Collected data
= Beginning of Section =

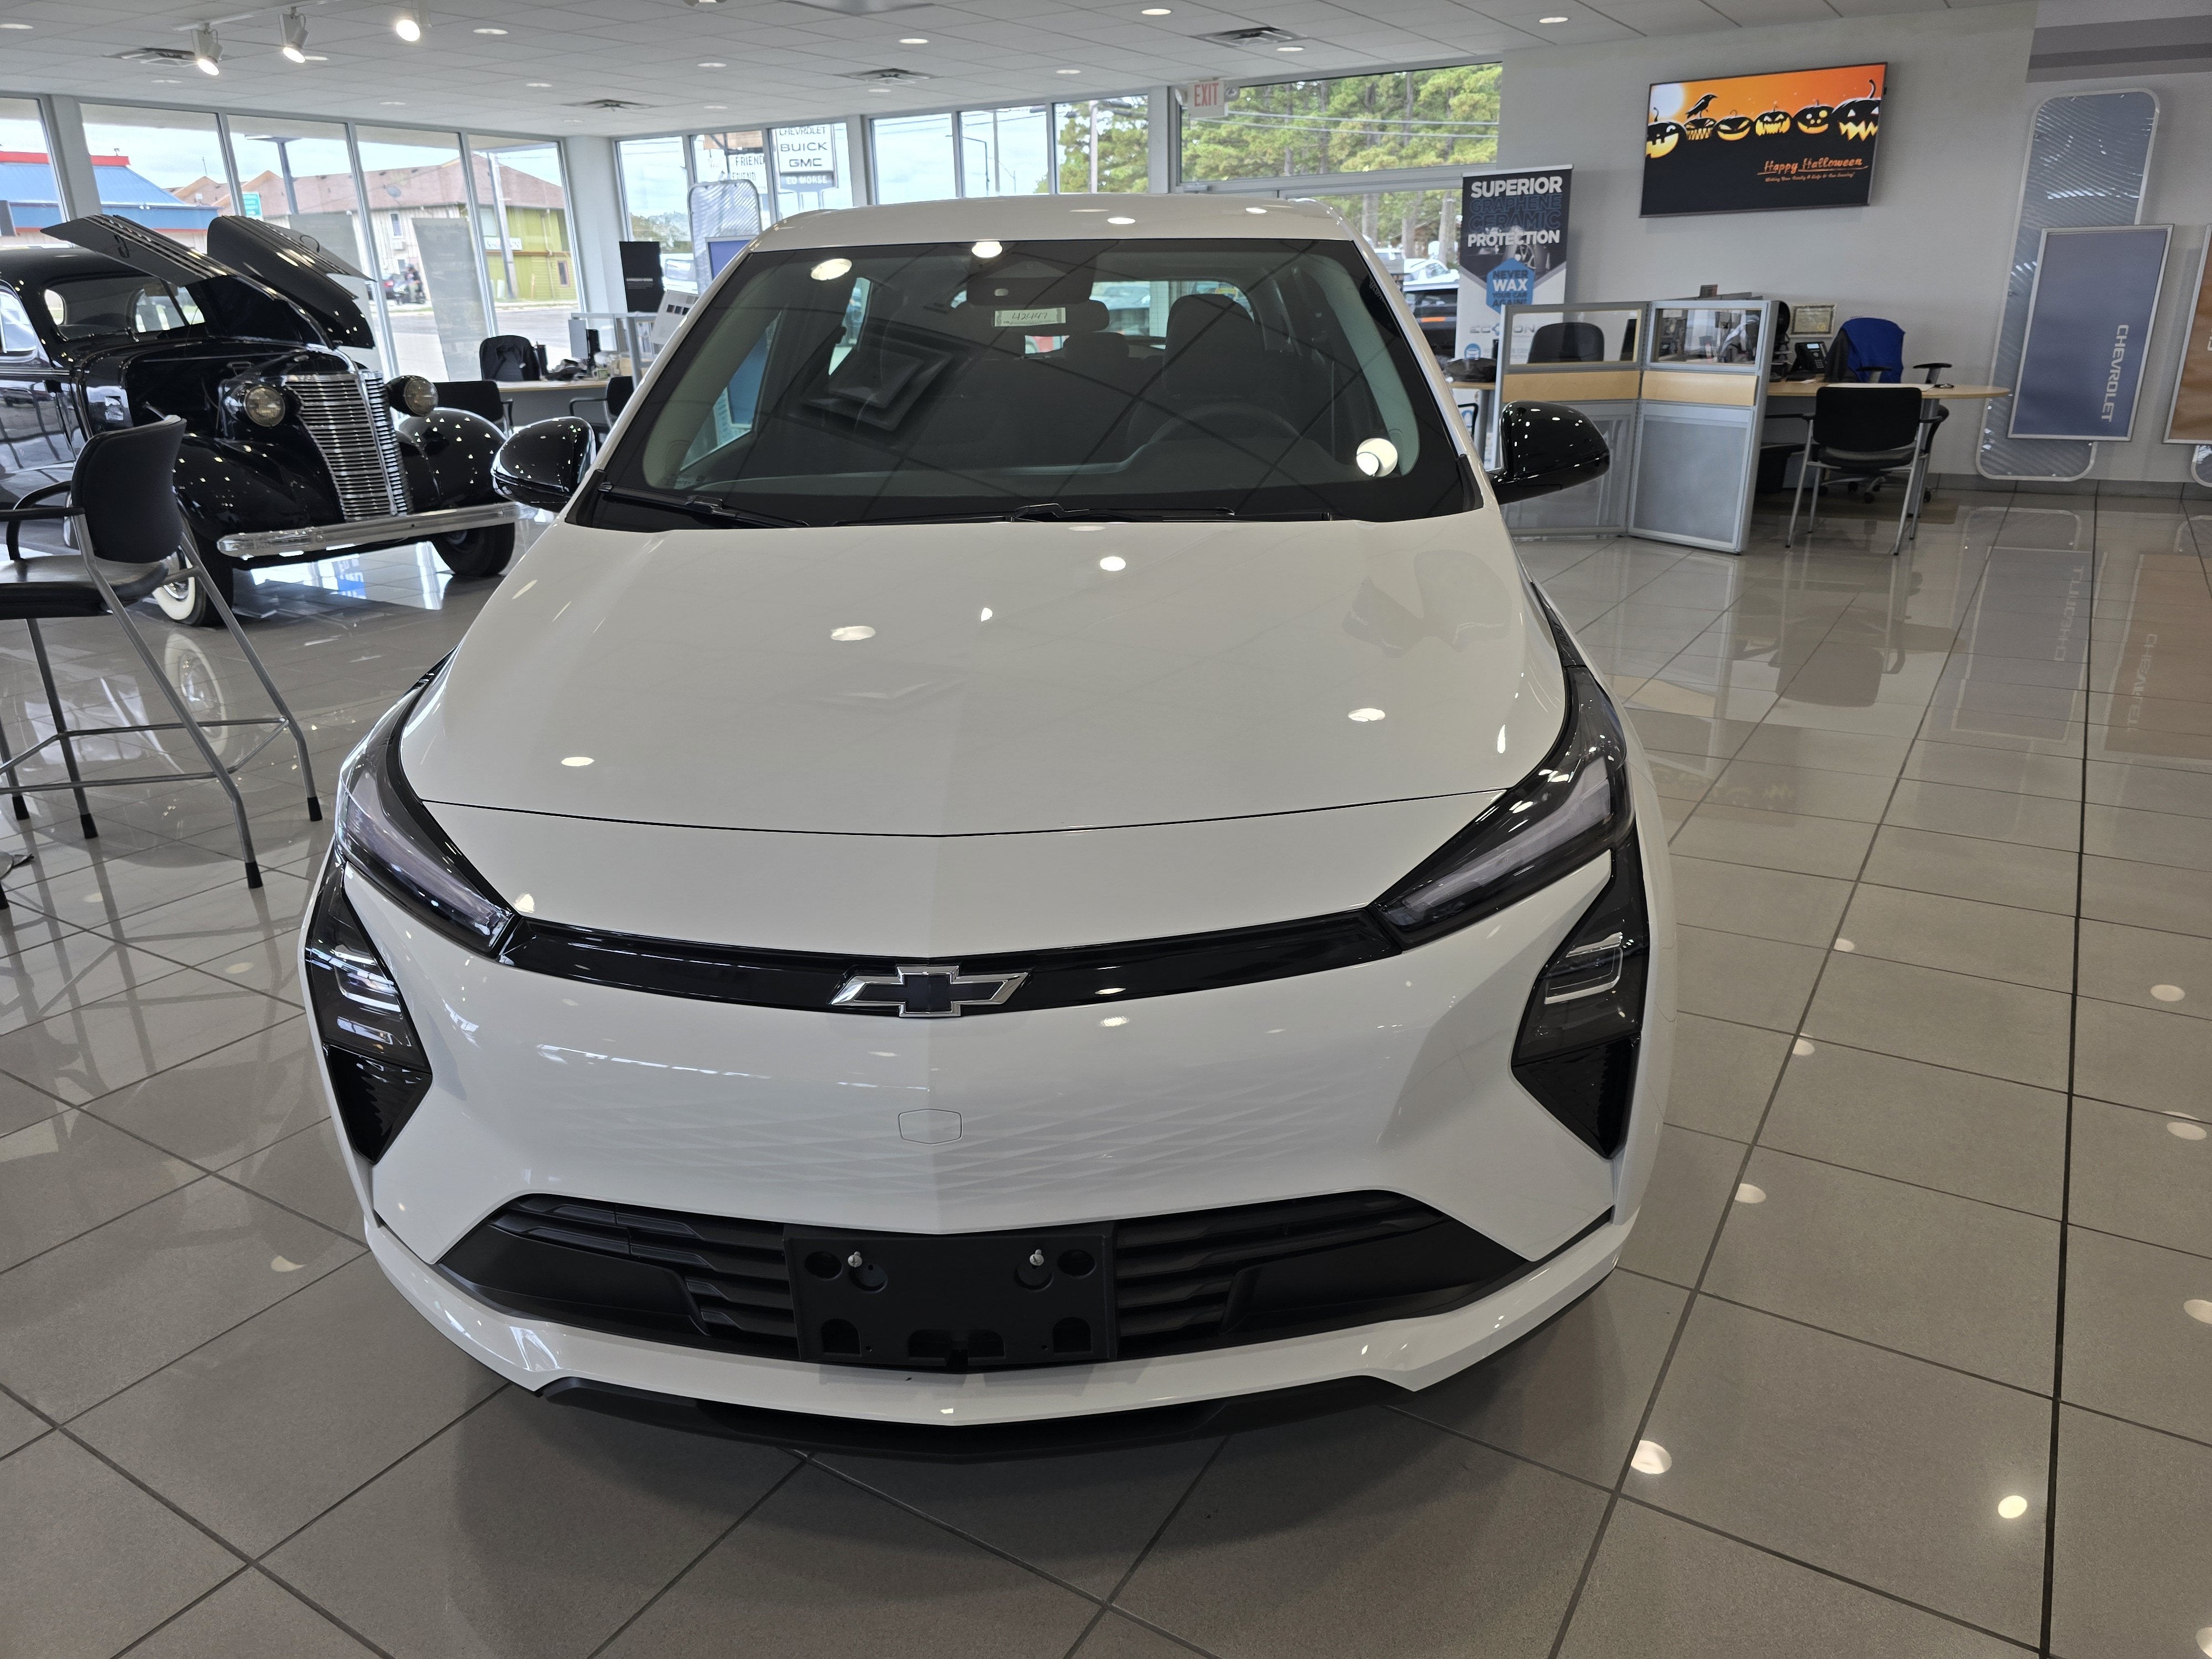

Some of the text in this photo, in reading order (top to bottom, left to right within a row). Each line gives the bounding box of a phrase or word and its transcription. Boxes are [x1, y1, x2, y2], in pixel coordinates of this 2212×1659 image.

[1194, 83, 1219, 107] EXIT
[780, 142, 828, 152] BUICK
[789, 158, 822, 167] GMC
[1764, 157, 1863, 174] Happy Halloween
[1470, 176, 1562, 198] SUPERIOR
[1469, 194, 1562, 214] GRAPHENE
[1468, 210, 1562, 233] CERAMIC
[1468, 229, 1560, 247] PROTECTION
[1493, 270, 1528, 279] NEVER
[1493, 279, 1528, 292] WAX
[2101, 325, 2129, 422] CHEVROLET
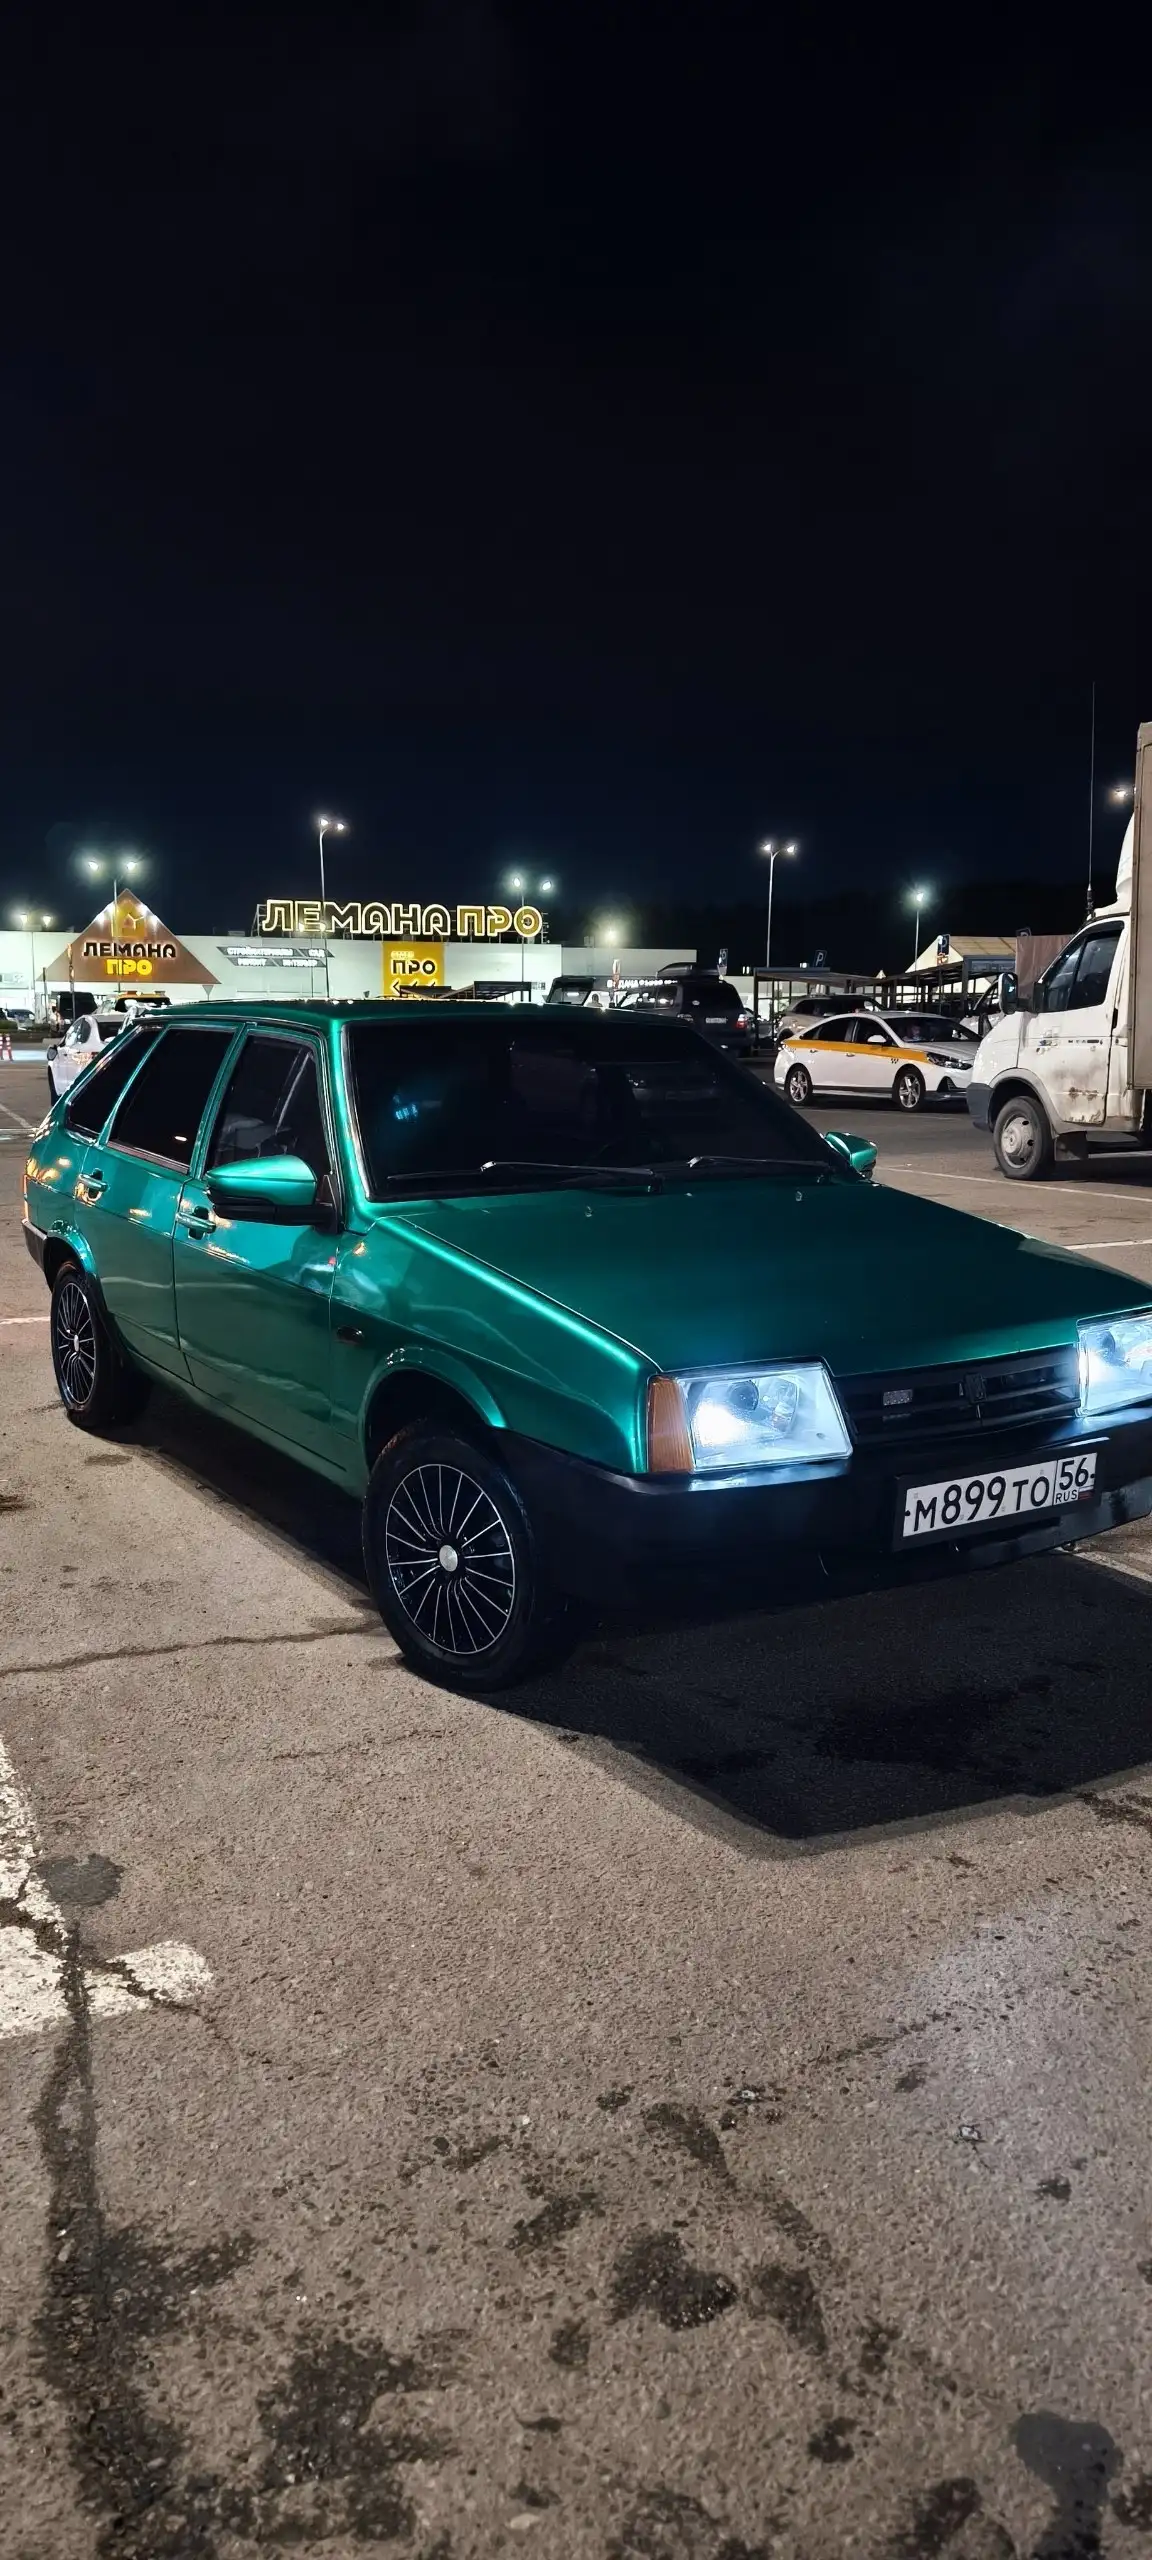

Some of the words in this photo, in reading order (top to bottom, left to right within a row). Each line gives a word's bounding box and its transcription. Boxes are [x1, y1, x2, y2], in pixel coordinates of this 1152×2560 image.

[262, 899, 451, 937] ЛЕМАНА
[456, 904, 543, 938] ПРО
[82, 941, 177, 958] ЛЕМАНА
[391, 959, 437, 976] ПРО
[815, 951, 824, 967] P
[105, 959, 153, 977] ПРО
[913, 1475, 1050, 1532] М899ТО
[1058, 1457, 1089, 1490] 56
[1055, 1489, 1078, 1503] RUS

= End of Section =

An exact copy of all the lines above is required, with the pictures removed.

Some of the text in this photo, in reading order (top to bottom, left to right within a row). Each line gives the bounding box of a phrase or word and its transcription. Boxes are [x1, y1, x2, y2], in pixel coordinates of this 2212×1659 image.

[1194, 83, 1219, 107] EXIT
[780, 142, 828, 152] BUICK
[789, 158, 822, 167] GMC
[1764, 157, 1863, 174] Happy Halloween
[1470, 176, 1562, 198] SUPERIOR
[1469, 194, 1562, 214] GRAPHENE
[1468, 210, 1562, 233] CERAMIC
[1468, 229, 1560, 247] PROTECTION
[1493, 270, 1528, 279] NEVER
[1493, 279, 1528, 292] WAX
[2101, 325, 2129, 422] CHEVROLET

Some of the words in this photo, in reading order (top to bottom, left to right within a row). Each line gives a word's bounding box and its transcription. Boxes are [x1, y1, x2, y2], in pixel coordinates of this 1152×2560 image.

[262, 899, 451, 937] ЛЕМАНА
[456, 904, 543, 938] ПРО
[82, 941, 177, 958] ЛЕМАНА
[391, 959, 437, 976] ПРО
[815, 951, 824, 967] P
[105, 959, 153, 977] ПРО
[913, 1475, 1050, 1532] М899ТО
[1058, 1457, 1089, 1490] 56
[1055, 1489, 1078, 1503] RUS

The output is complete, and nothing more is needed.